== What you are asked to do ==
Could the data below be printed out exactly, with the pictures left out?

>>>>>

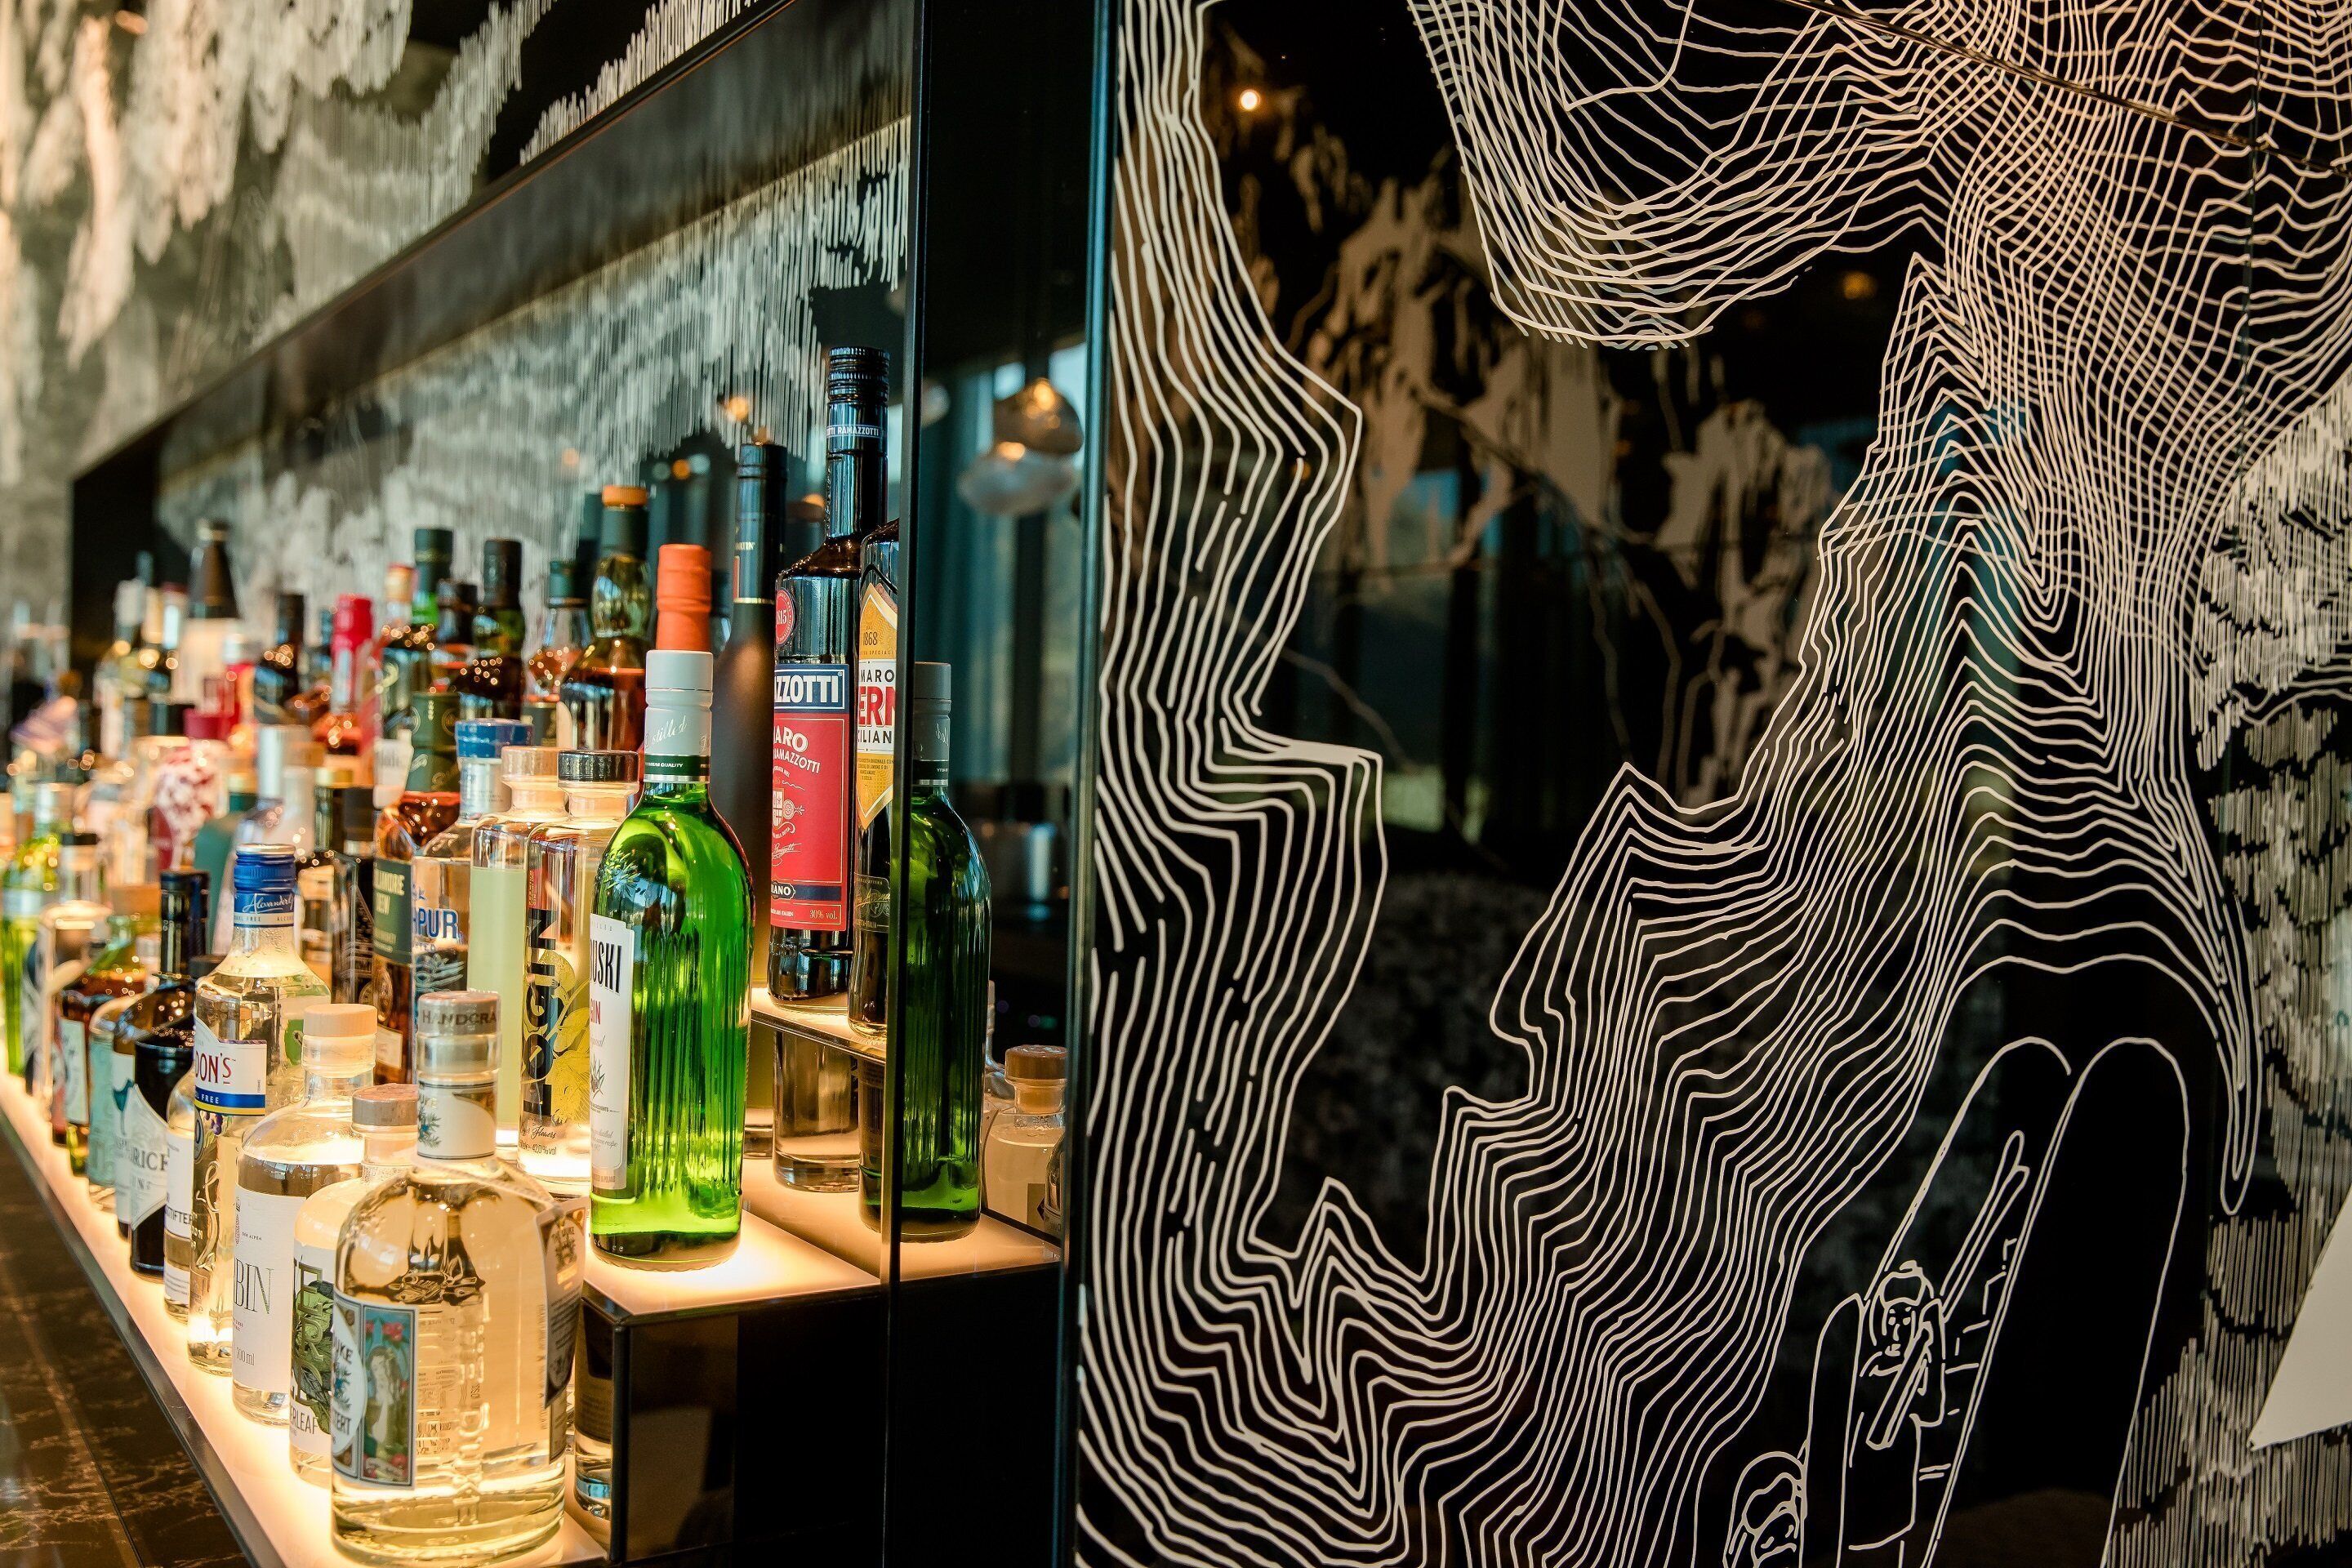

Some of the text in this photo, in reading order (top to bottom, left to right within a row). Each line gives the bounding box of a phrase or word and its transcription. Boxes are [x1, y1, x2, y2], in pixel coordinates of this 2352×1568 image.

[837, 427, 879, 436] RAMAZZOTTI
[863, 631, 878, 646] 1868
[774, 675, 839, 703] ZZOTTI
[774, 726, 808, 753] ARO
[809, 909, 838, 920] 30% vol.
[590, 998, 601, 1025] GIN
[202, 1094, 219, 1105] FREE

<<<<<

== Exercise result ==
Some of the text in this photo, in reading order (top to bottom, left to right within a row). Each line gives the bounding box of a phrase or word and its transcription. Boxes are [x1, y1, x2, y2], in pixel coordinates of this 2352×1568 image.

[837, 427, 879, 436] RAMAZZOTTI
[863, 631, 878, 646] 1868
[774, 675, 839, 703] ZZOTTI
[774, 726, 808, 753] ARO
[809, 909, 838, 920] 30% vol.
[590, 998, 601, 1025] GIN
[202, 1094, 219, 1105] FREE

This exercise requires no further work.